What memoir or personal essay do you find yourself constantly inspired by?
There’s a Wendell Berry essay I first read earlier this year called ‘A Native Hill’ that I find myself thinking about a lot. Berry is a farmer and a writer, which is also my dream combination of activities, and he is very into the idea of settling in a place, of getting to know it well and learning its needs. This essay is about the history of the land where Berry lives, and about the way he walks through it and observes it. It explores the ideas of death and decay, and their connection with life, in a really beautiful and humble way.

If you could tell your younger writing self anything, what would it be?
I think it would be to keep practising different forms of writing, to not limit herself. Over the past several years I’ve pretty much only been writing nonfiction and memoir stuff. There are good things about specialising, to be sure, and there isn’t time for everything – but sometimes I wonder if I’ve lost the ability to write fiction or poetry, which I used to enjoy doing, and which served different impulses. I’d like to find my way back to that variety at some point.

What are you most looking forward to during your time at Varuna, the National Writers’ House?
The thought of having a whole week where my only task is to write is a pretty thrilling (and daunting!) one. I’m really looking forward to allowing my thoughts to settle on the project in front of me, without being tugged in the various other directions that we tend to be tugged in daily life. I’m interested to see what comes out of that. (Also, I’ve heard the food is delicious.)

What does literary success look like for you?
This is an ever-shifting ideal, but for me it will always come back to enjoying and growing from the process. It’s easy enough to get caught up in the goal of publication, of thinking about other people reading my work, but I know ultimately I wouldn’t do any writing if I wasn’t first doing it for myself. I think success for me is about my writing and the other activities in my life being mutually supporting. Practical living gives me things to think about, and writing helps me figure out why those things matter, and how they fit into the bigger picture.

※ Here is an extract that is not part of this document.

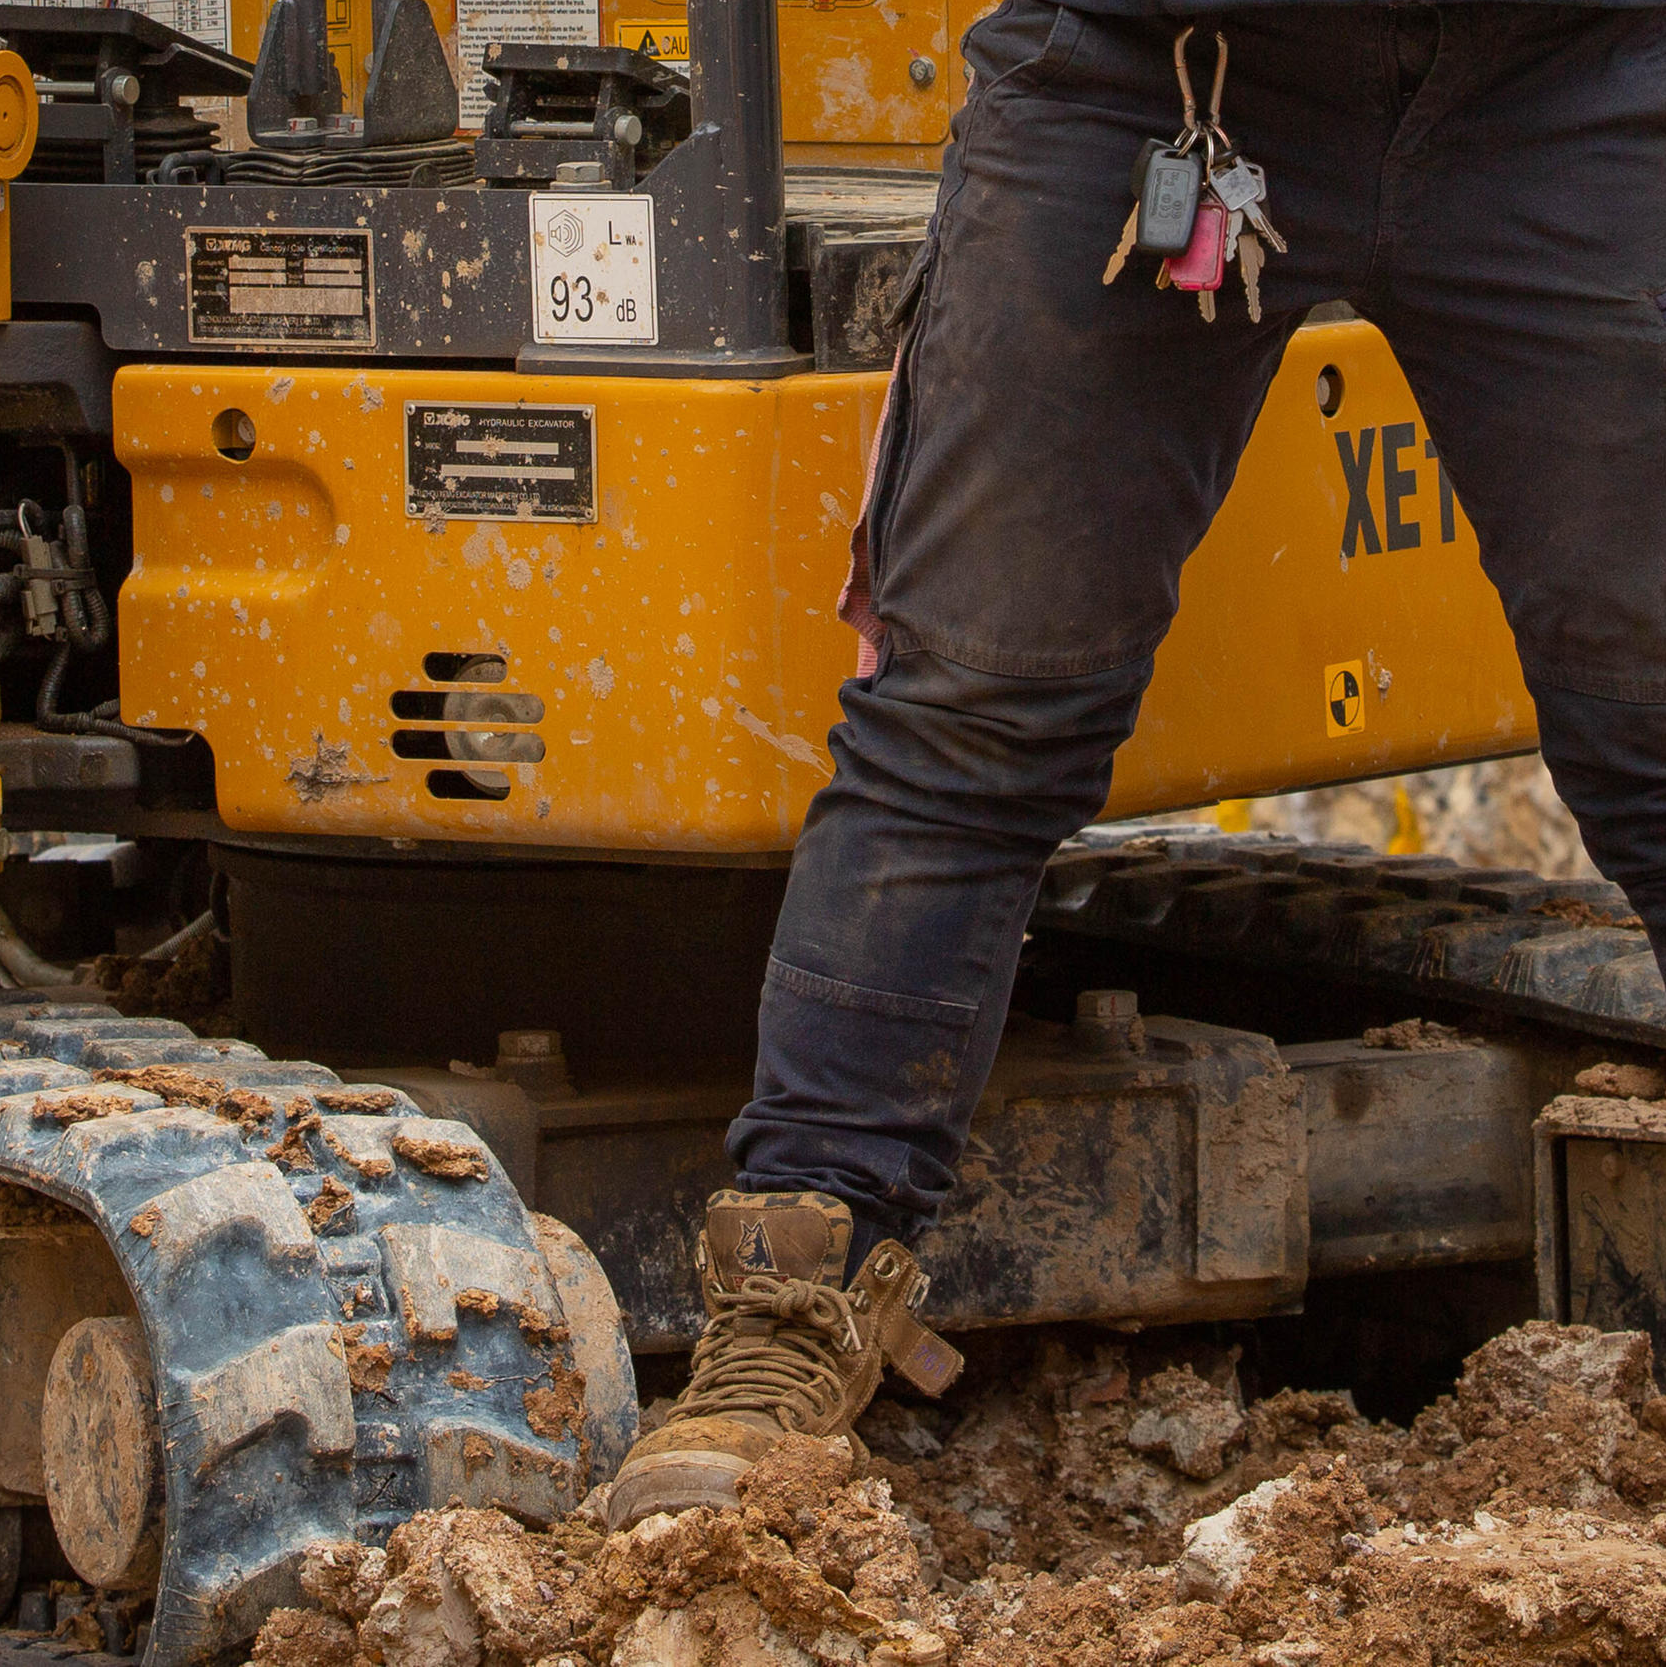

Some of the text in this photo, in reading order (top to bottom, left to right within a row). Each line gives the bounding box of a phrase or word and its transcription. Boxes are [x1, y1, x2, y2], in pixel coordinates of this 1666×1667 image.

[608, 221, 637, 246] L WA
[550, 276, 637, 322] 93 dB
[479, 419, 525, 427] HYDRAULIC
[528, 420, 575, 429] EXCAVATOR

Who are your biggest supporters in this journey?
My partner Ry, who is always proud of me and helps me carve time and space for my writing. My sister Chloe, who says whatever I write is my experience of truth and doesn’t require permission. My writer friends Alice and Aimee, who commiserate with me and inspire me with their wonderful work. I have also had the good fortune in the recent past of receiving mentorship from Amy Middleton and being taught by Zoya Patel, both of whom gave encouragement and advice in just the right quantities to set me on a good path during a tough period.

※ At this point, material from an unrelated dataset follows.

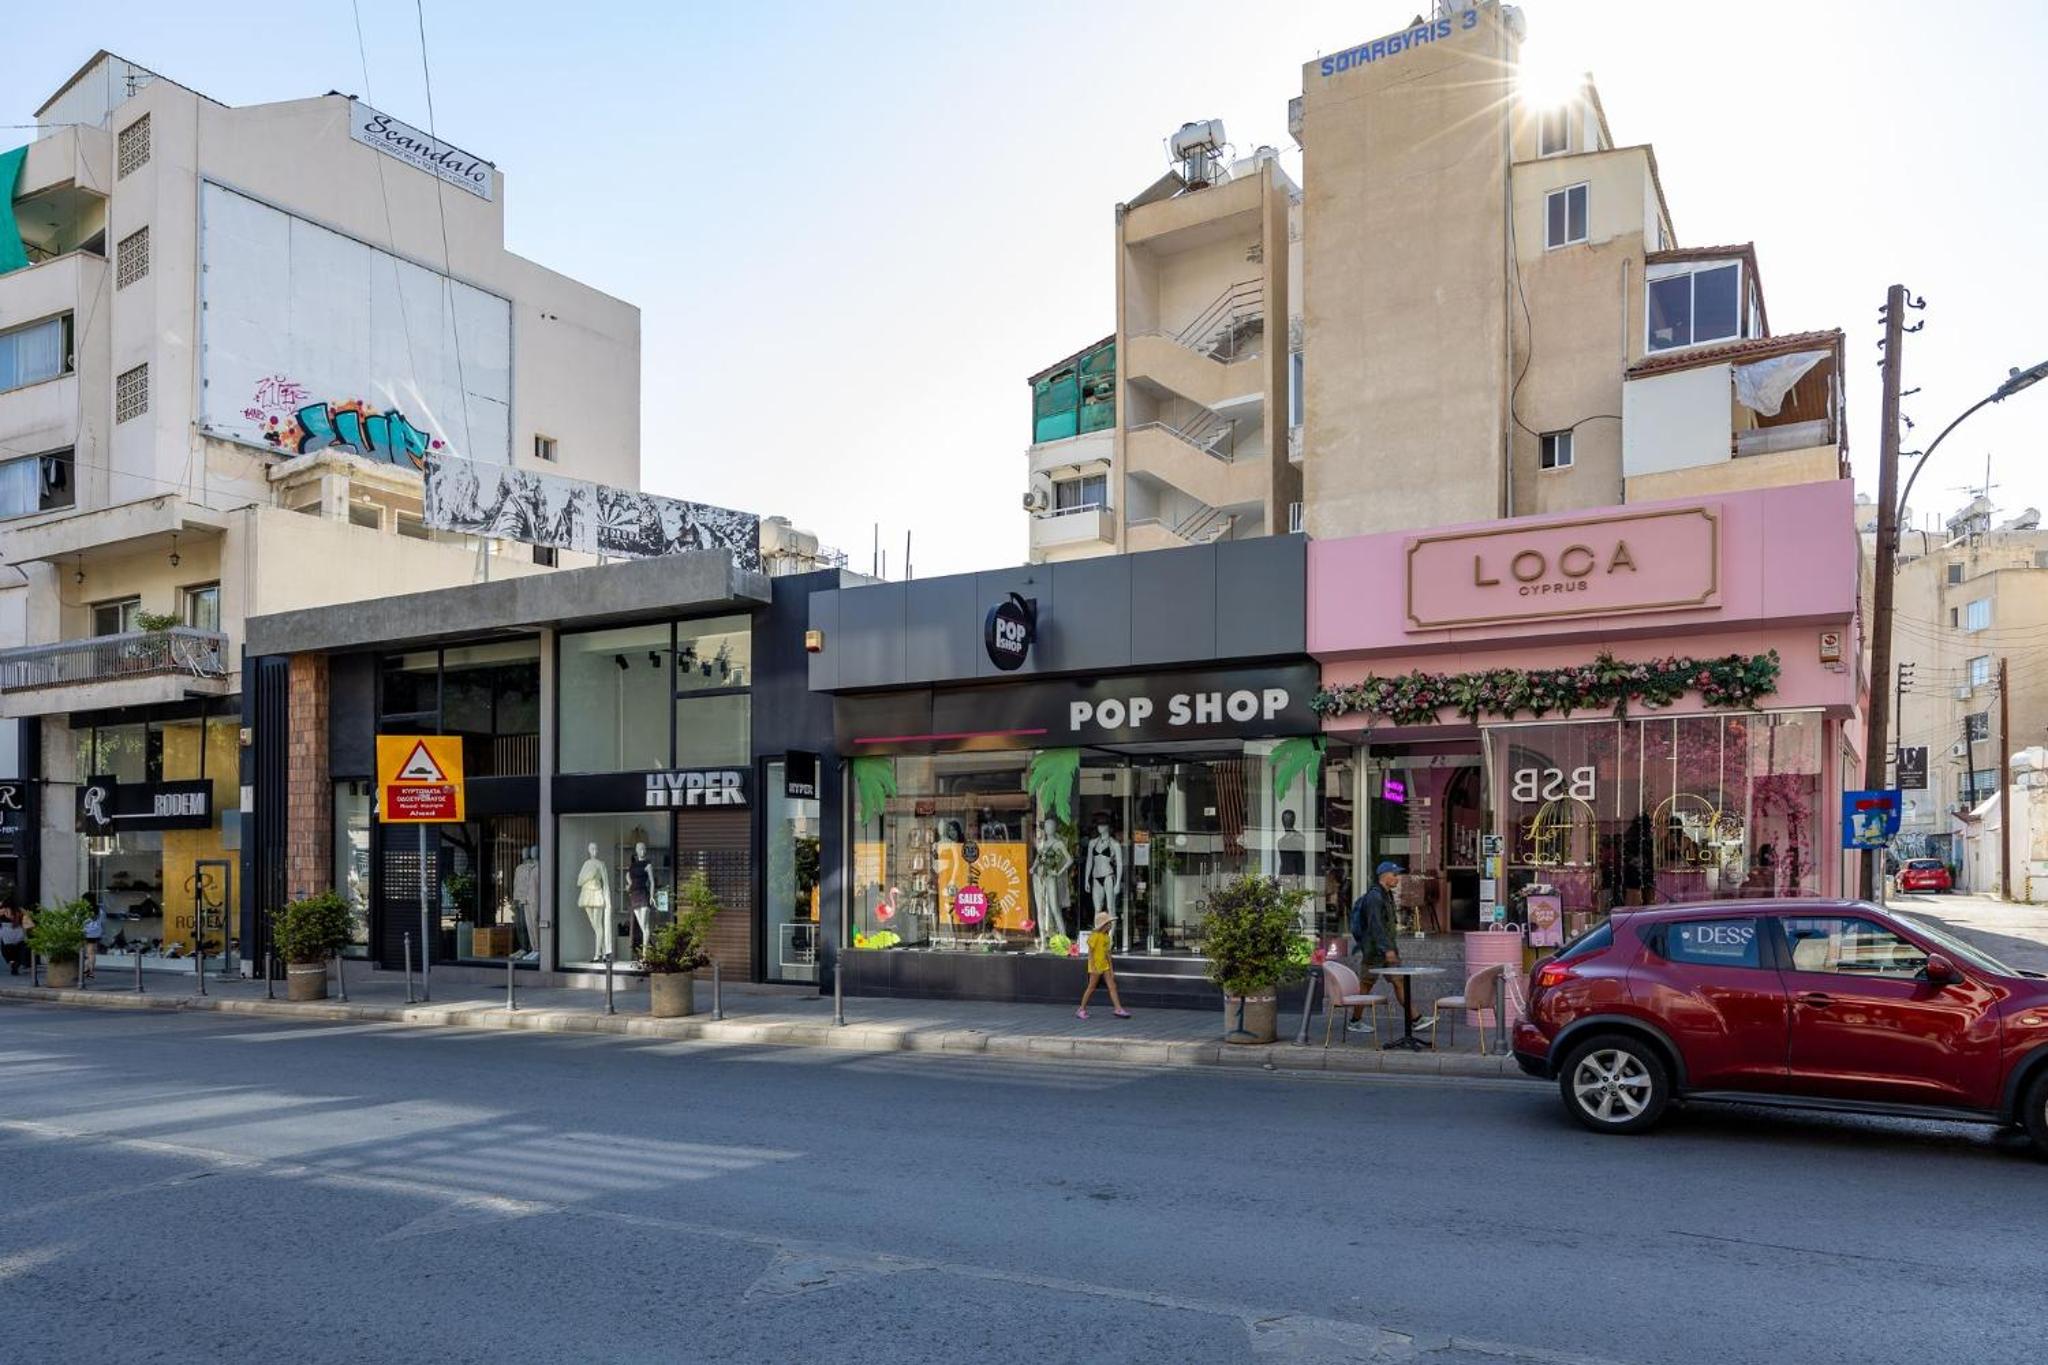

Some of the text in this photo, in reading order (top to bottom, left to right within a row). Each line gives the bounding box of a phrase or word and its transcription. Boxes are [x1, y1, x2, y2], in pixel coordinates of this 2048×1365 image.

Your favourite parts of the writing process?
I love the rare chunks of time where things click into place and the words are saying just want I want them to, when they pour onto the page in some kind of useful order. I also like working with an editor to improve a draft, even though it can be painful! But it’s always illuminating to see my work from someone else’s perspective, and satisfying to be shown the ways to improve it.

What are you reading and writing right now?
I’m reading, as always, too many things, including a few permaculture books, plus Julia Baird’s Phosphorescence, which makes me want to hurl myself into the ocean every day, and Tyson Yunkaporta’s Sand Talk, which blows my mind so much that I can only read it in bursts. I’m writing the manuscript for my first book, a memoir about regenerative agriculture and chronic illness.